WHAT TO WORK ON: The whole listing below should be printed again exactly, with no images.

EXTRACTED INFORMATION:
- - - -

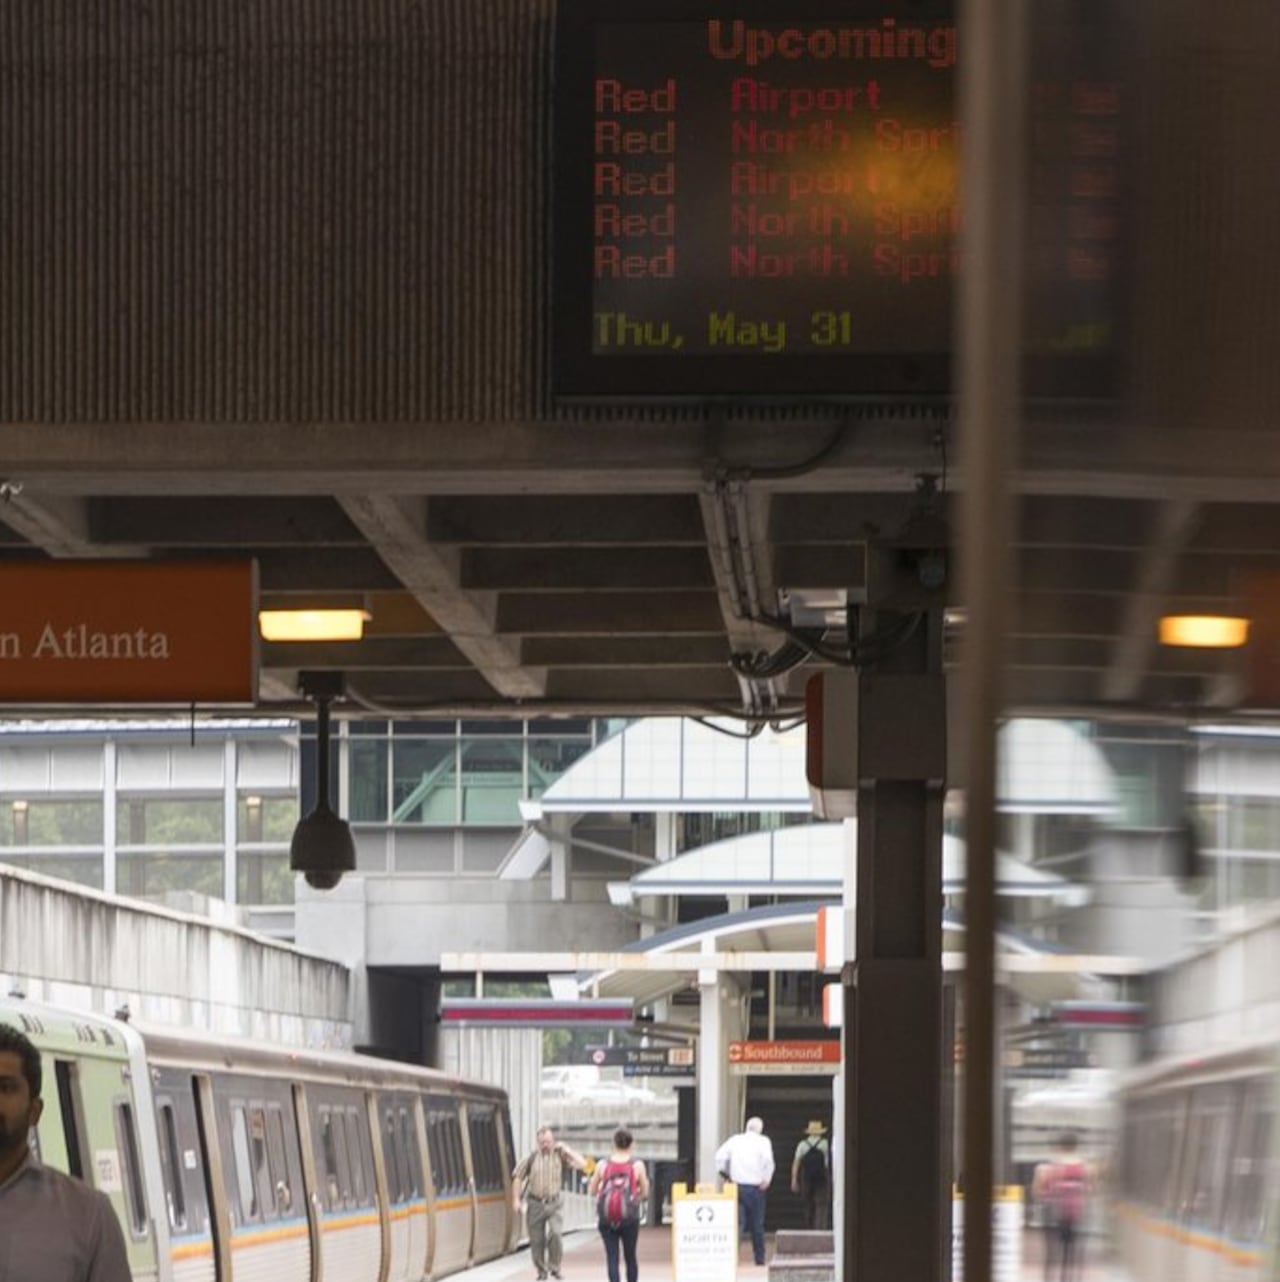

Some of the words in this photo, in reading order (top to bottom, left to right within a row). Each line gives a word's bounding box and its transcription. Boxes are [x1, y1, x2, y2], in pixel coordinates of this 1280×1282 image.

[707, 18, 958, 67] Upcoming
[594, 78, 676, 113] Red
[730, 77, 882, 117] Airport
[594, 120, 676, 155] Red
[730, 119, 850, 154] North
[874, 119, 965, 157] Spri
[594, 162, 676, 196] Red
[730, 161, 882, 199] Airport
[594, 203, 676, 238] Red
[730, 203, 850, 238] North
[873, 202, 965, 241] Spri
[594, 245, 676, 279] Red
[730, 244, 850, 279] North
[873, 244, 965, 283] Spri
[593, 312, 684, 349] Thu,
[708, 311, 786, 352] May
[810, 312, 852, 346] 31
[32, 622, 170, 660] Atlanta
[743, 1043, 823, 1060] Southbound
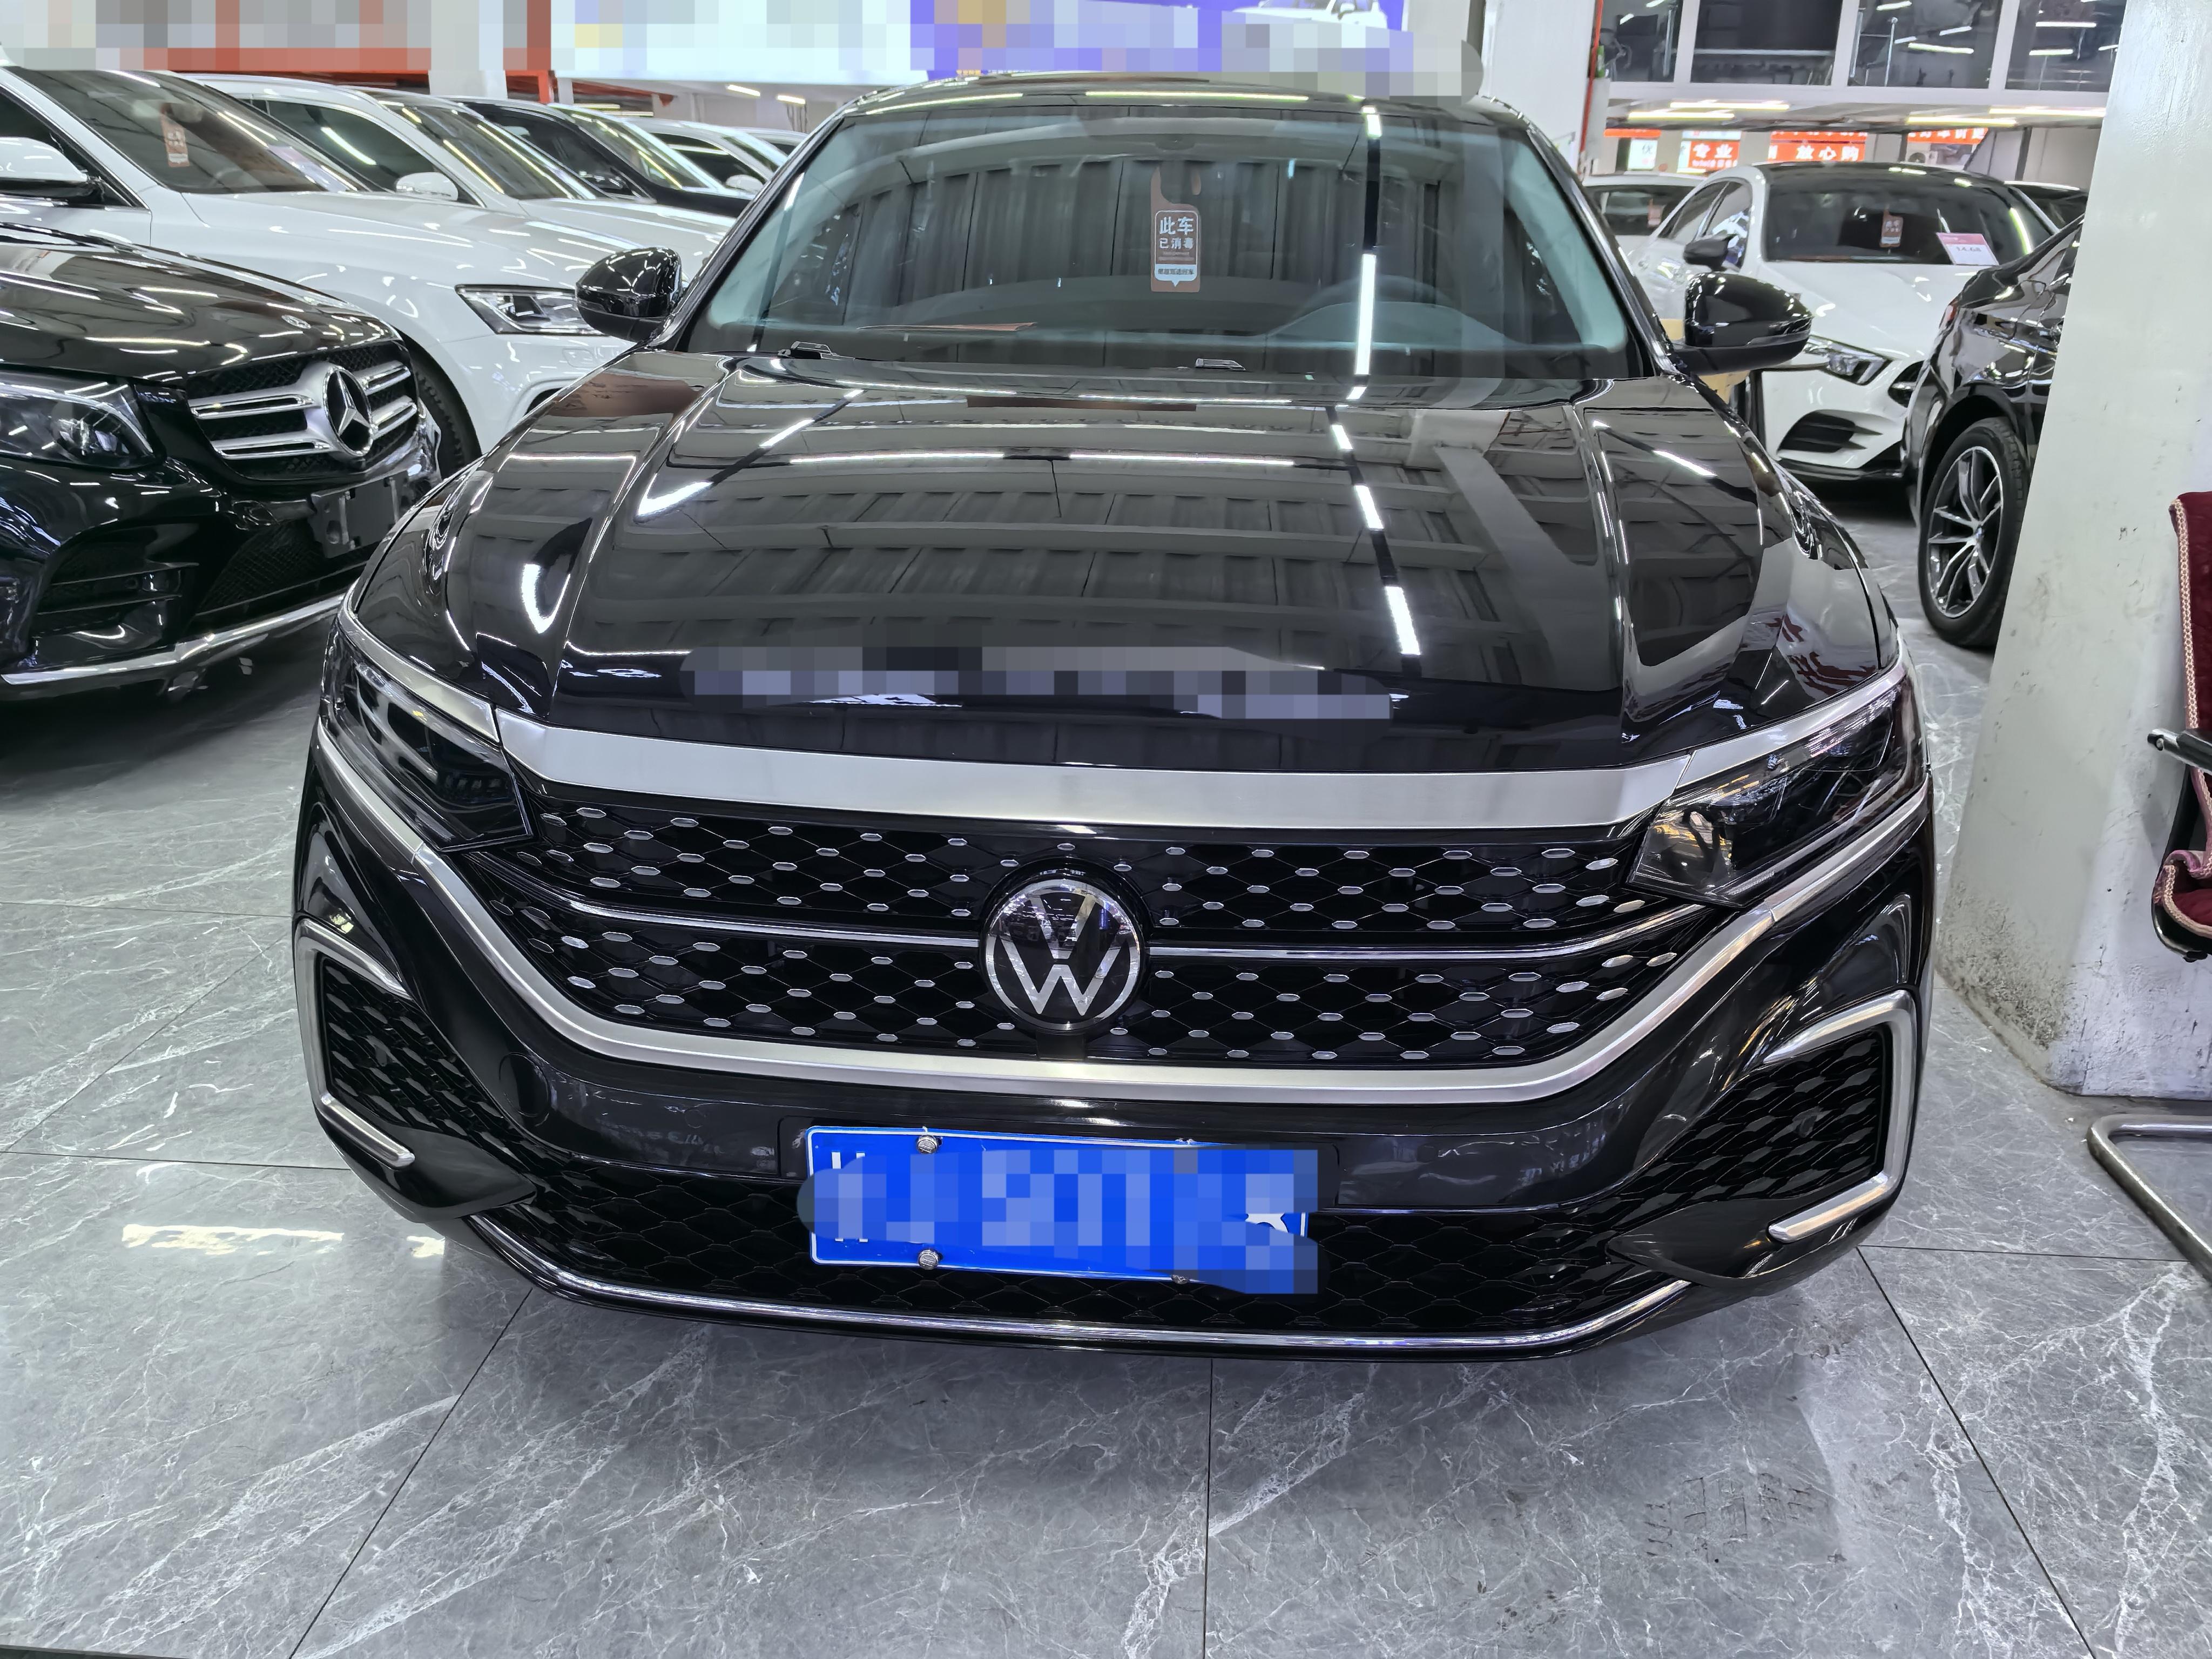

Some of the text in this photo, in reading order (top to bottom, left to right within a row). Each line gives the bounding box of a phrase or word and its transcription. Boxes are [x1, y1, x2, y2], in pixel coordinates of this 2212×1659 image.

[1692, 143, 1733, 159] 专业
[1159, 217, 1193, 235] 此车
[1159, 237, 1193, 249] 已消毒
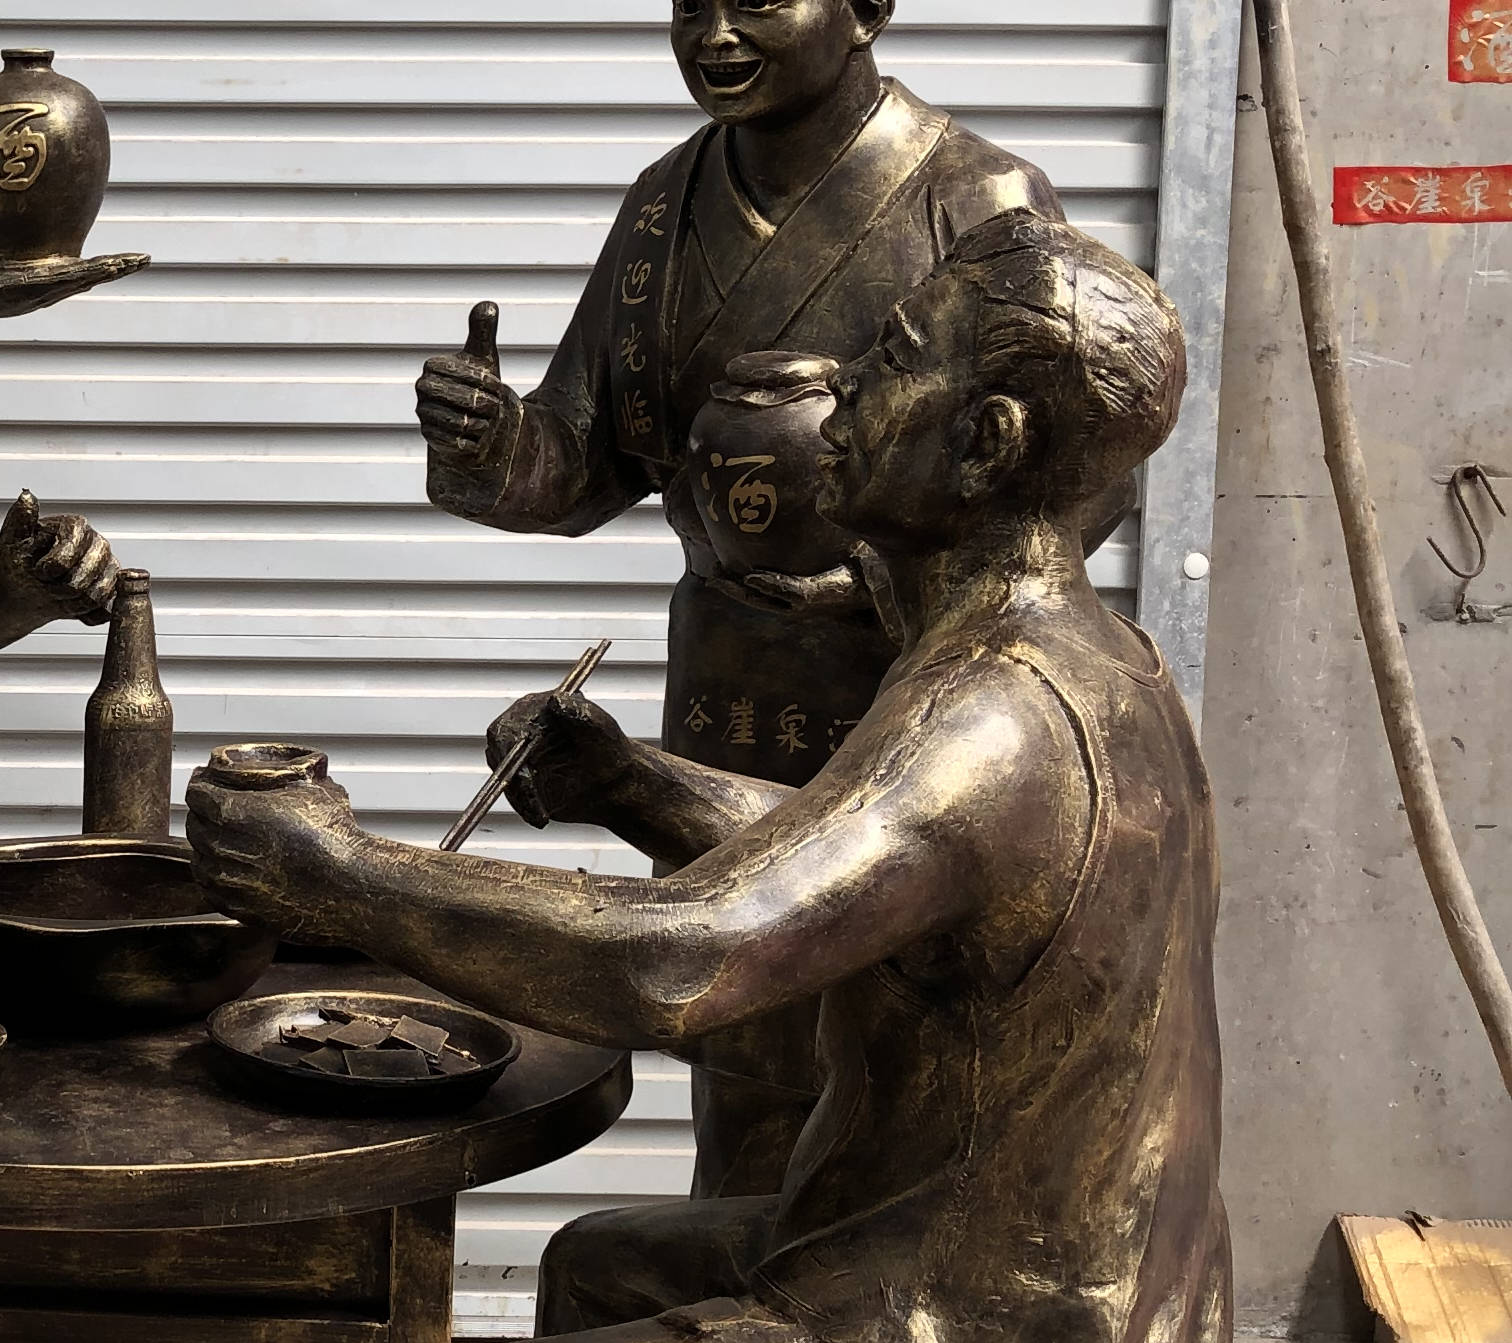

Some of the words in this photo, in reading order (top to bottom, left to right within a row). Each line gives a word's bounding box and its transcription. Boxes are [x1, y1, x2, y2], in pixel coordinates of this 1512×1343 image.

- - - -

FINAL ANSWER:
Some of the words in this photo, in reading order (top to bottom, left to right within a row). Each line gives a word's bounding box and its transcription. Boxes are [x1, y1, x2, y2], in pixel coordinates of this 1280×1282 image.

[707, 18, 958, 67] Upcoming
[594, 78, 676, 113] Red
[730, 77, 882, 117] Airport
[594, 120, 676, 155] Red
[730, 119, 850, 154] North
[874, 119, 965, 157] Spri
[594, 162, 676, 196] Red
[730, 161, 882, 199] Airport
[594, 203, 676, 238] Red
[730, 203, 850, 238] North
[873, 202, 965, 241] Spri
[594, 245, 676, 279] Red
[730, 244, 850, 279] North
[873, 244, 965, 283] Spri
[593, 312, 684, 349] Thu,
[708, 311, 786, 352] May
[810, 312, 852, 346] 31
[32, 622, 170, 660] Atlanta
[743, 1043, 823, 1060] Southbound

Some of the text in this photo, in reading order (top to bottom, left to right within a row). Each line gives the bounding box of a phrase or word and its transcription. Boxes are [x1, y1, x2, y2], in pixel coordinates of this 2212×1659 image.

[1692, 143, 1733, 159] 专业
[1159, 217, 1193, 235] 此车
[1159, 237, 1193, 249] 已消毒

Some of the words in this photo, in reading order (top to bottom, left to right within a row). Each line gives a word's bounding box and its transcription. Boxes are [x1, y1, x2, y2], in pixel coordinates of this 1512×1343 image.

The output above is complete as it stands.